Laidlaw John D
Department of Neurosurgery and Department of Surgery, University of Melbourne, The Royal Melbourne Hospital, Parkville, Vic., Australia.
J Clin Neurosci. 2003 Sep;10(5):606-12. doi: 10.1016/s0967-5868(03)00198-x.
A 36-year-old female patient with a long-standing asymptomatic lower thoracic scoliosis presented with sensory symptoms involving all limbs. MRI scan demonstrated a rounded ventral intradural mass causing major deformity of the cervical cord at C6 and C7 levels. Unlike most previously reported neurenteric cysts, the MRI signal characteristics of this mass were such that it could not be determined if it is cystic or solid, being iso-intense on T1- and hyperintense T2-weighted images. Resection was performed through a median corporectomy of C6 and C7, the lesion being found to be a neurenteric cyst with an attachment to the anterior median fissure of the cord. Strut graft and cervical locking plate fixation from C5 to C6 was facilitated by extending the cervical incision into the sternal notch, with detachment of left-sided strap muscle insertion. The patient made an excellent recovery with complete resolution of neurological symptoms and solid fusion. The postoperative course was complicated by an anterior cervical CSF collection which resolved spontaneously within 2 months. The literature regarding this rare condition and its management is reviewed. Although the majority of intraspinal neurenteric cysts are situated ventral to the cord, most reports of excision have been from a dorsal approach. Drainage and subtotal excision of neurenteric cysts have been previously advocated; however, the recurrence rate is such that complete excision is advocated. This is facilitated by a ventral approach. A simplified method of utilising the sternal notch exposure is reported. The literature regarding the anatomical peculiarities pertinent to the sternal notch approach, and the reported literature regarding spinal neurenteric cysts is reviewed.

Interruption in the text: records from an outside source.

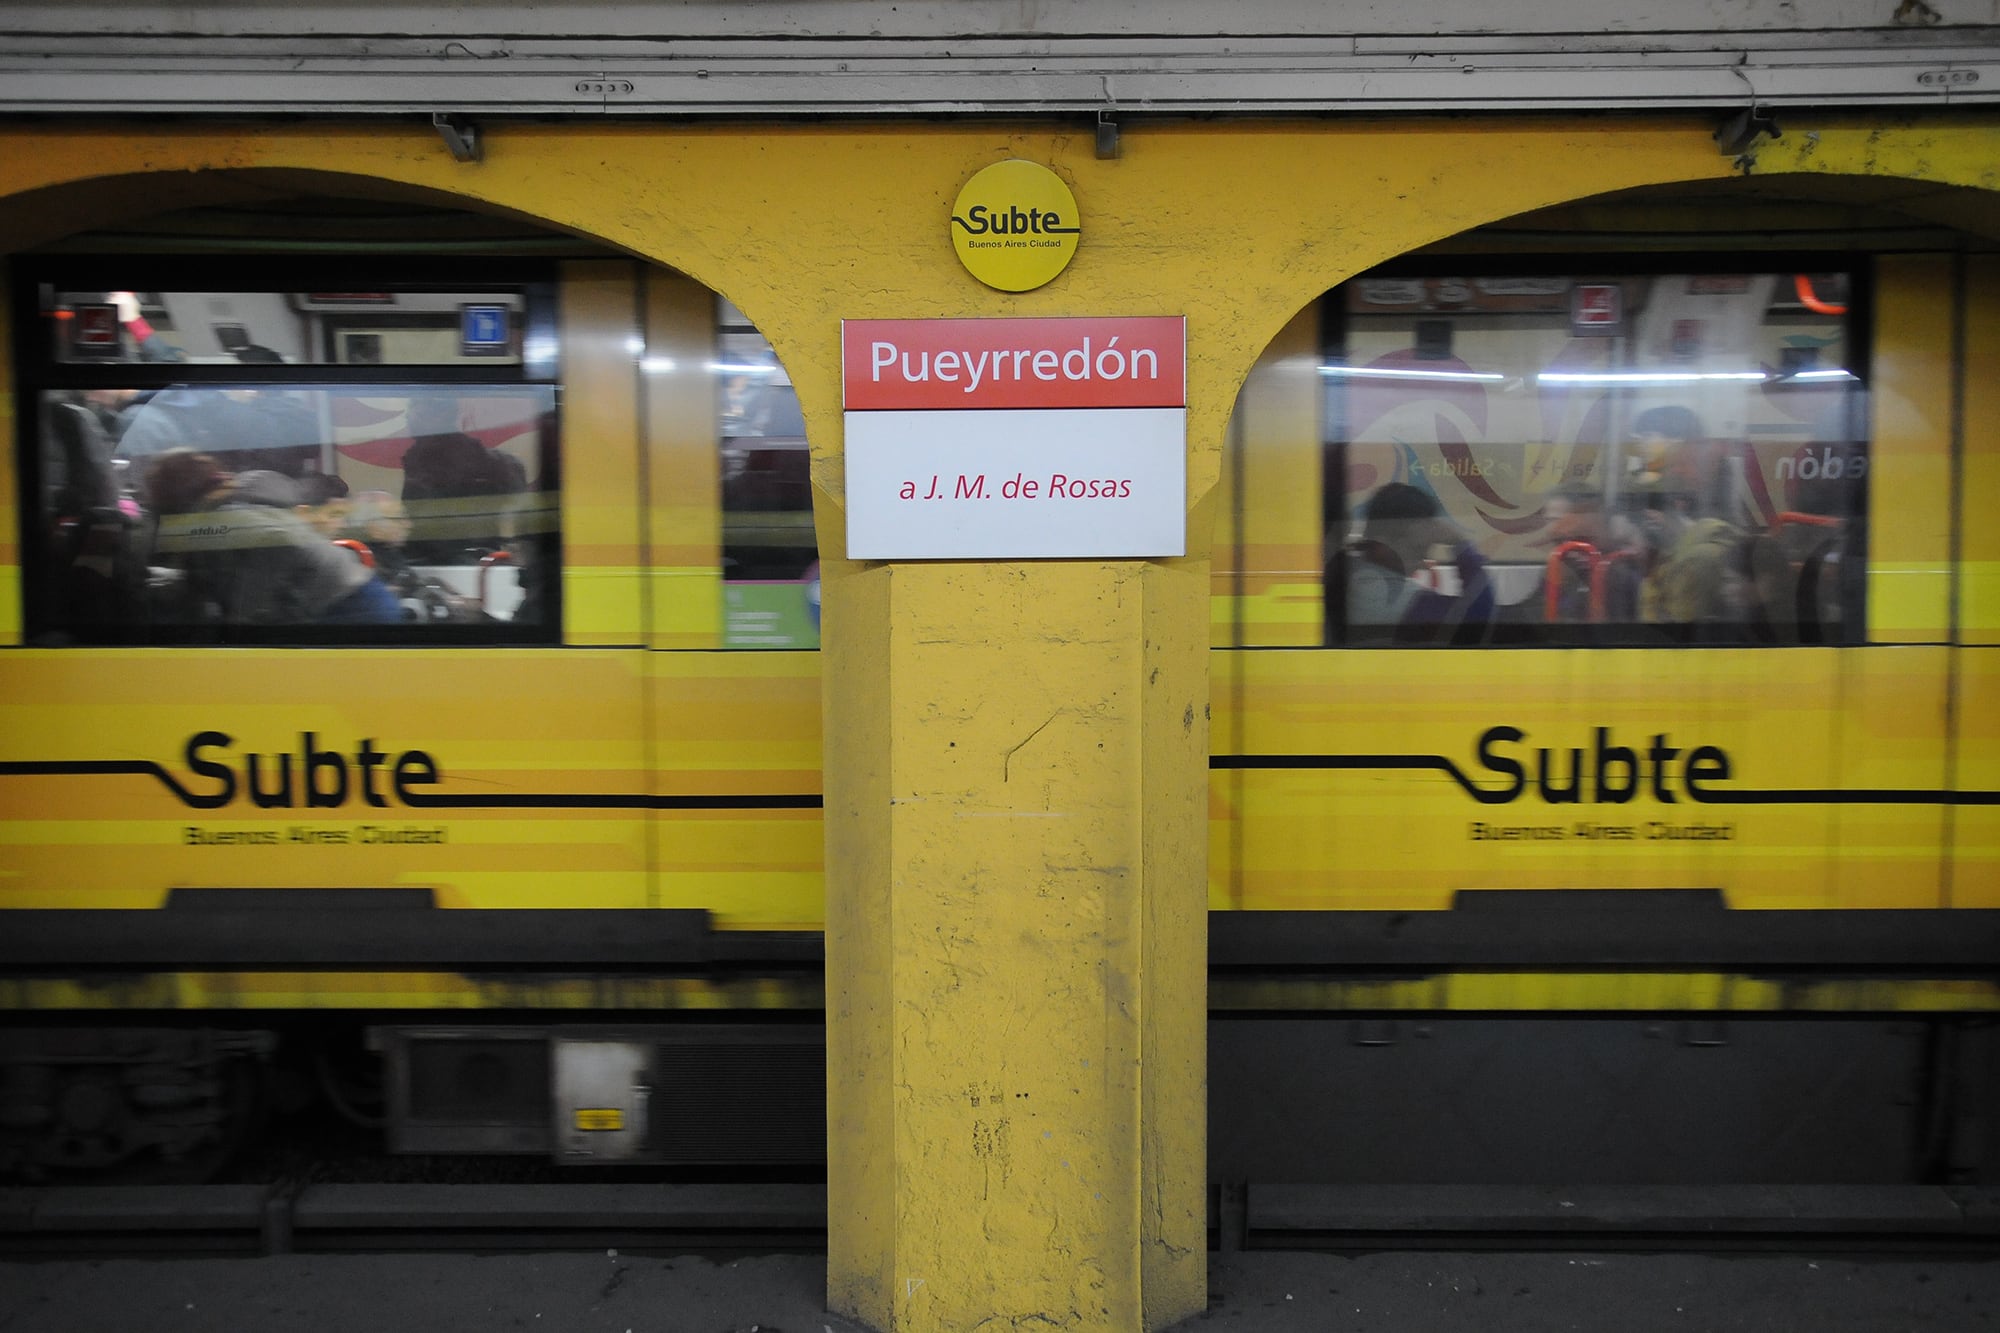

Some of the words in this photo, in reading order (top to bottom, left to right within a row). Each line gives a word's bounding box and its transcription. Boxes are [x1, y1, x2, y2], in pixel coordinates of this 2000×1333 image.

[967, 205, 1061, 234] Subte
[968, 240, 1002, 249] Buenos
[1004, 240, 1027, 248] Aires
[1029, 239, 1061, 248] Ciudad
[871, 336, 1158, 393] Pueyrredón
[899, 481, 915, 500] a
[924, 475, 943, 500] J.
[954, 475, 991, 499] M.
[1002, 473, 1039, 499] de
[1049, 473, 1132, 499] Rosas
[184, 731, 441, 809] Subte
[1475, 725, 1732, 804] Subte
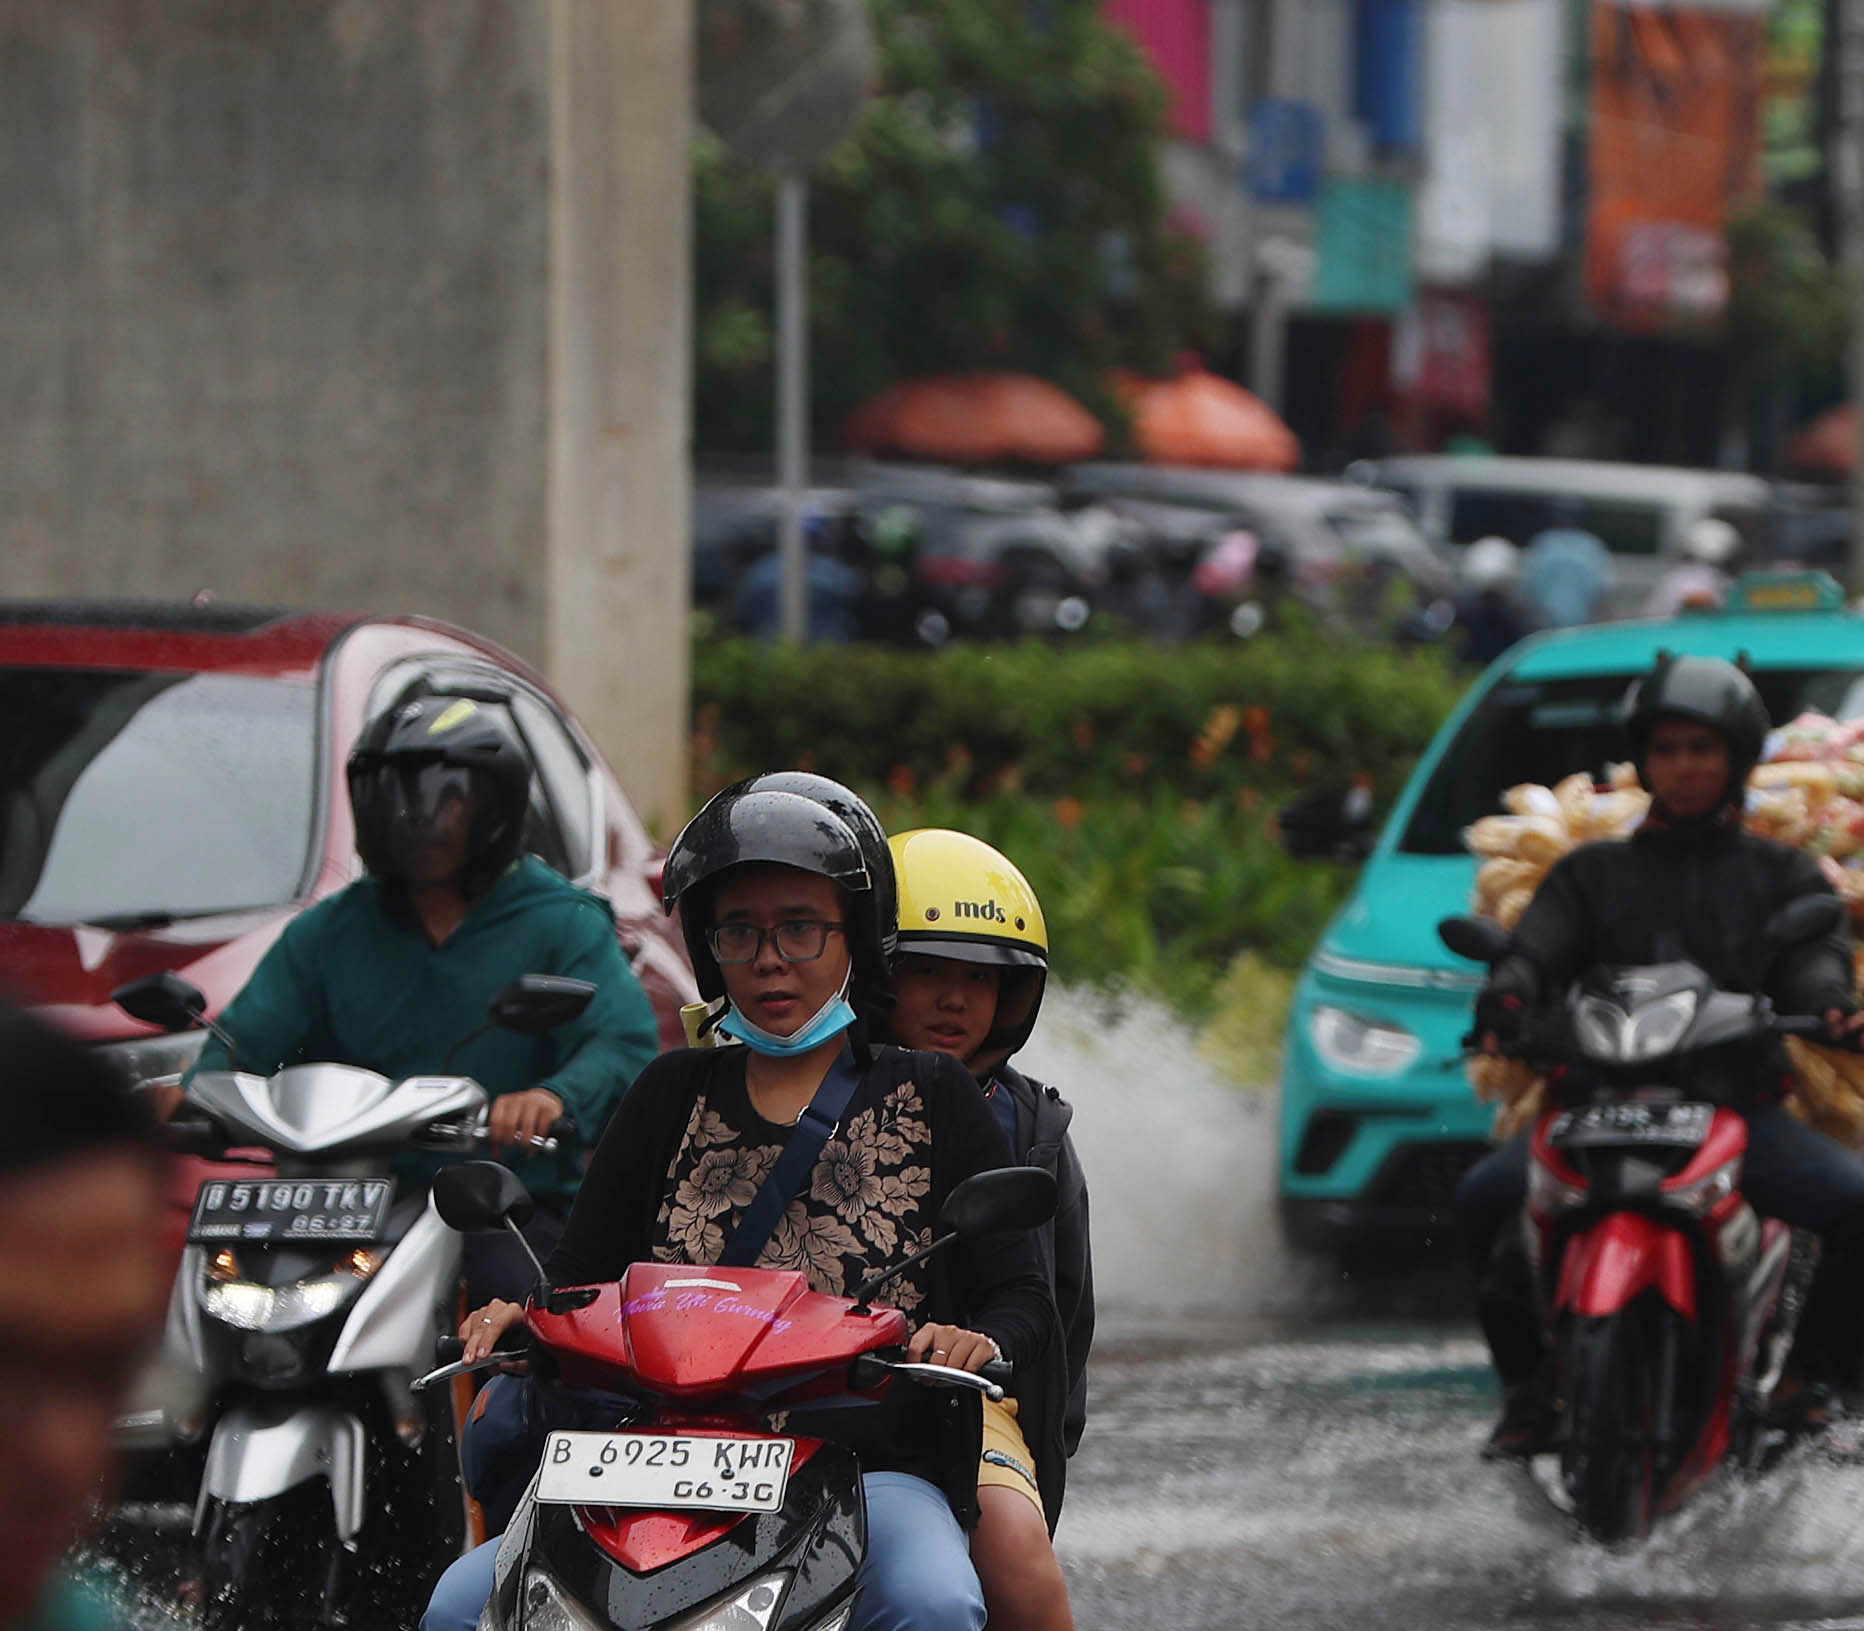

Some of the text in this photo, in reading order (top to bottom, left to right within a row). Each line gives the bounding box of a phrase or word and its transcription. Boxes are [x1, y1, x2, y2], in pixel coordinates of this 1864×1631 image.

[955, 900, 1006, 923] mds
[230, 1184, 314, 1211] 5190
[324, 1183, 383, 1210] TKV
[552, 1439, 786, 1469] B 6925 KWR
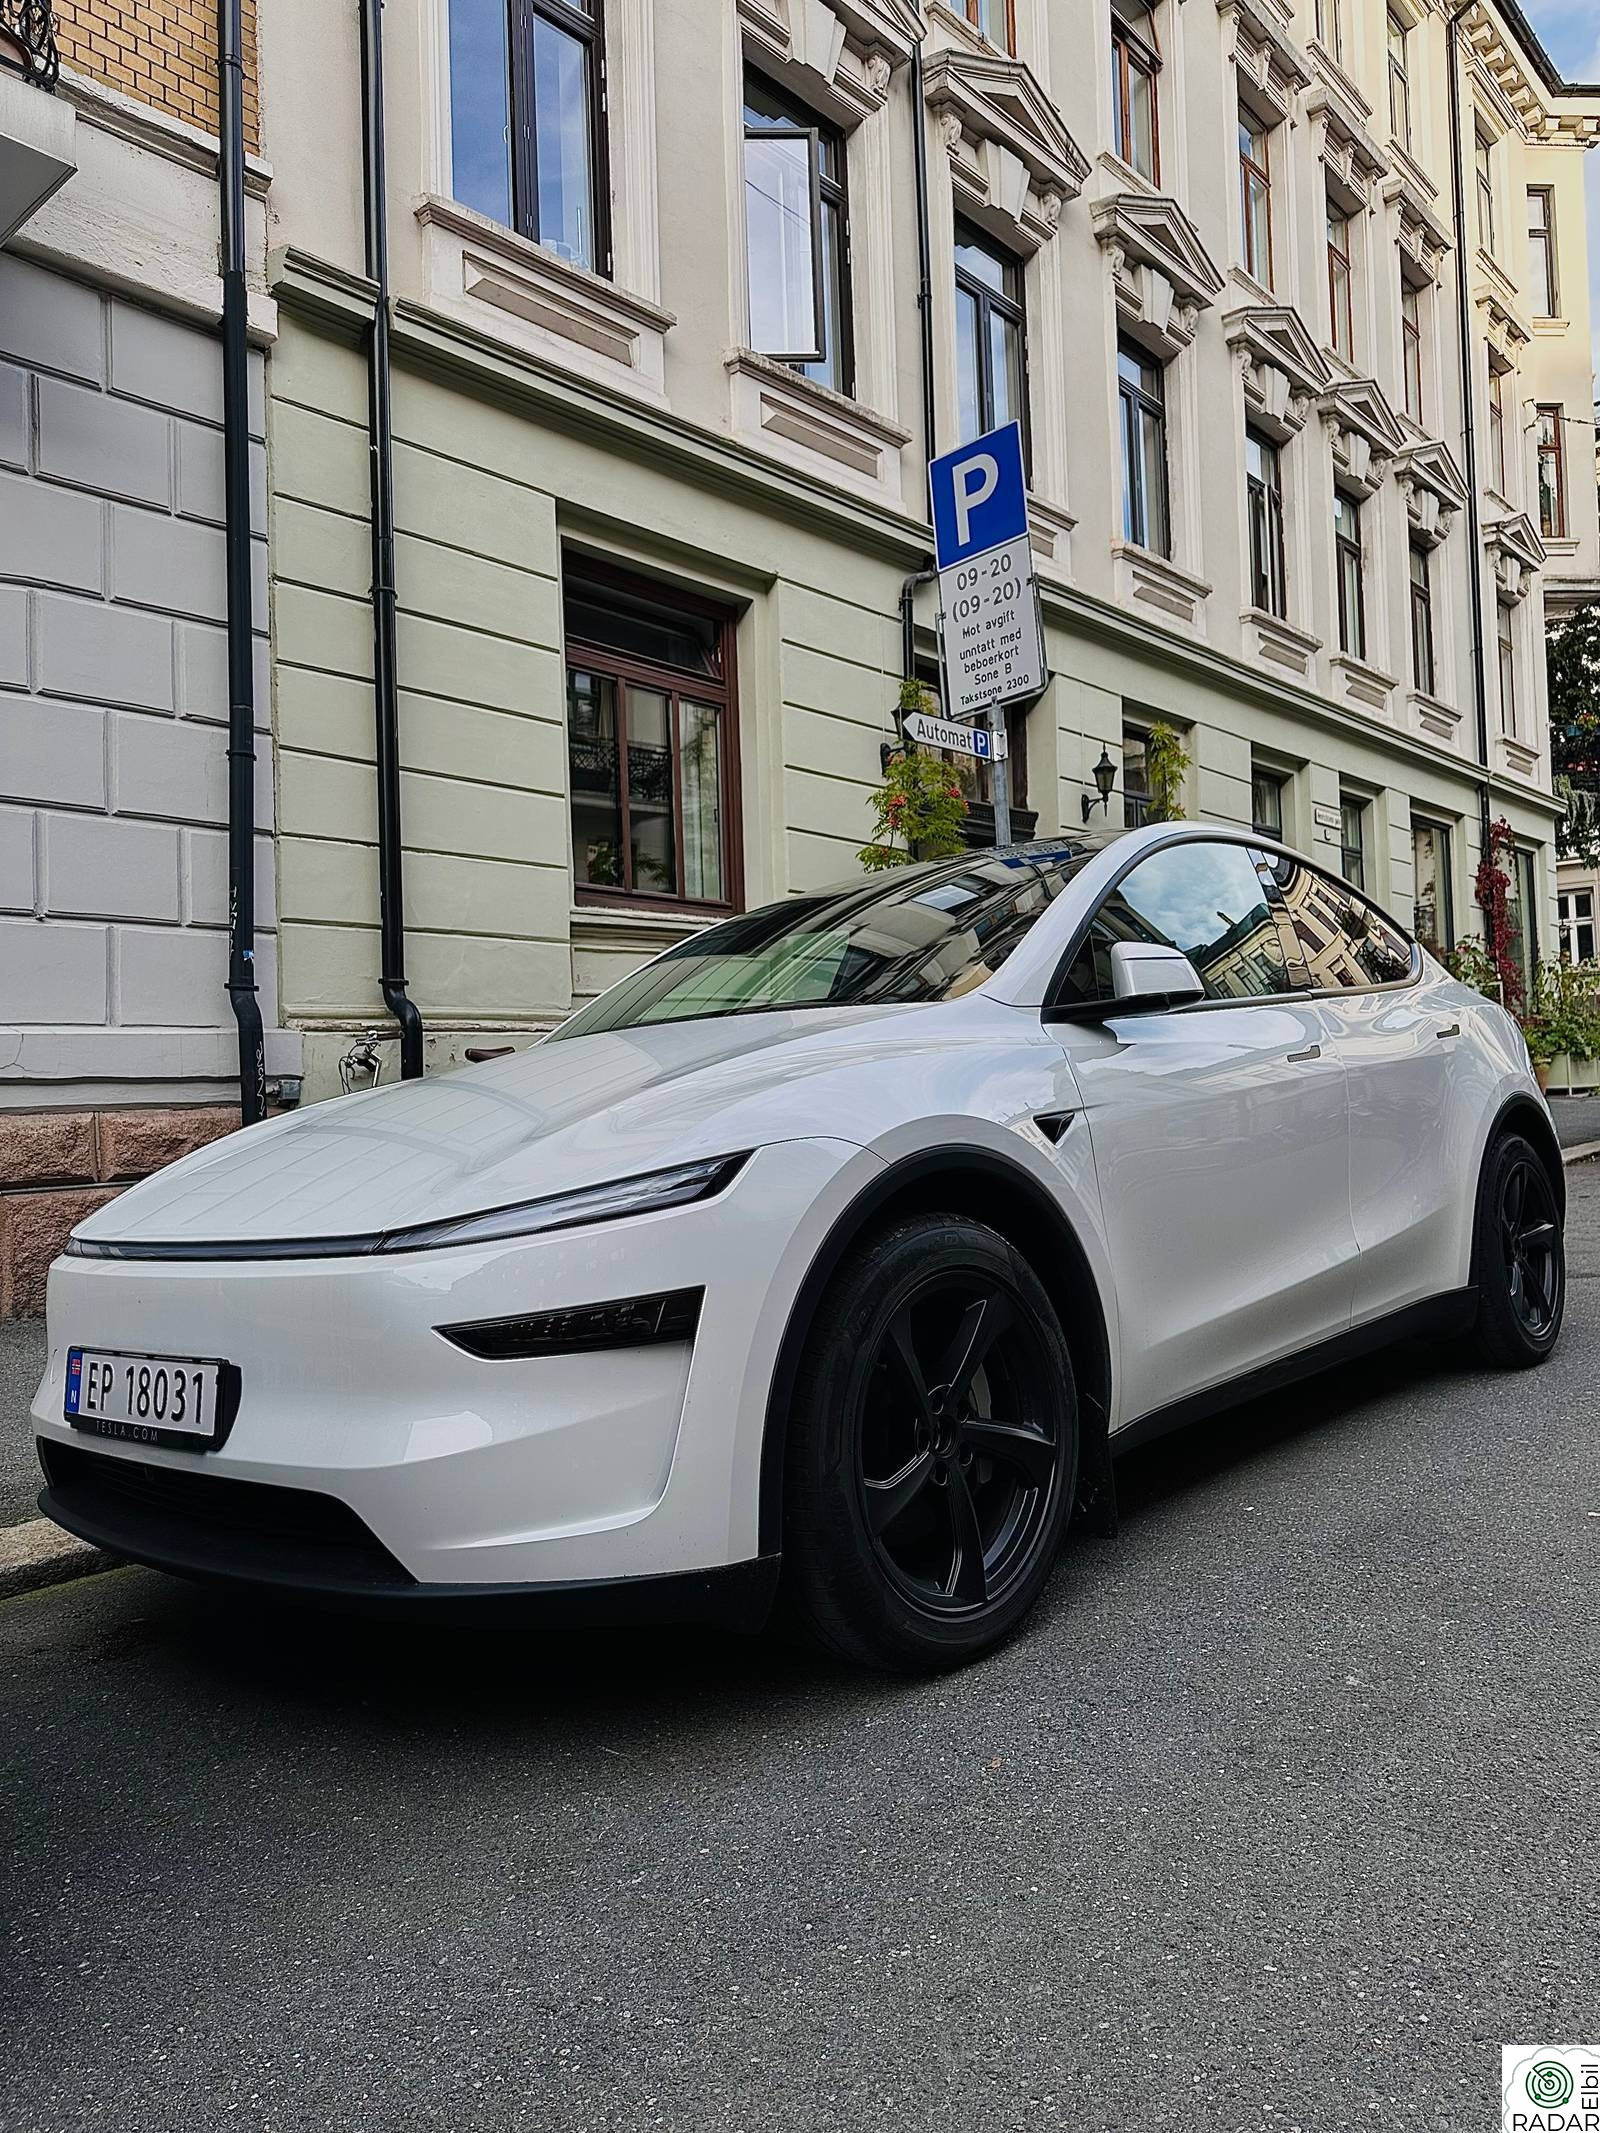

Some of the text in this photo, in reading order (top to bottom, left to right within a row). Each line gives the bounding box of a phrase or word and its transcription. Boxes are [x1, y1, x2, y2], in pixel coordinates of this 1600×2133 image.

[952, 453, 999, 547] P
[962, 610, 1015, 639] Mot avgift
[959, 627, 1022, 660] unntatt med
[964, 645, 1019, 674] beboerkort
[974, 662, 1012, 686] Sone B
[960, 674, 1029, 705] Takstsone 2300
[917, 719, 986, 753] Automat P
[70, 1389, 77, 1404] N
[86, 1361, 203, 1424] EP 18031
[96, 1420, 159, 1441] TESLA.COM

一名36岁女性患者,长期患有无症状性下胸椎脊柱侧弯,现出现累及四肢的感觉症状。MRI扫描显示硬膜内腹侧有一圆形肿块,导致颈髓在C6和C7水平出现严重畸形。与大多数先前报道的神经肠囊肿不同,该肿块的MRI信号特征无法确定其为囊性还是实性,在T1加权像上呈等信号,在T2加权像上呈高信号。通过C6和C7椎体次全切除术进行切除,发现病变为神经肠囊肿,附着于脊髓前正中裂。通过将颈部切口延伸至胸骨切迹,并分离左侧带状肌附着点,便于进行从C5到C6的支撑植骨和颈椎锁定钢板固定。患者恢复良好,神经症状完全缓解,植骨融合牢固。术后出现颈前脑脊液聚集,2个月内自行消退。本文回顾了关于这种罕见疾病及其治疗的文献。尽管大多数脊髓内神经肠囊肿位于脊髓腹侧,但大多数切除报告采用的是后路手术。先前有人主张对神经肠囊肿进行引流和次全切除;然而,复发率较高,因此主张进行完全切除。前路手术有助于实现这一点。本文报道了一种利用胸骨切迹暴露的简化方法。回顾了与胸骨切迹手术相关的解剖学特点以及关于脊髓神经肠囊肿的报道文献。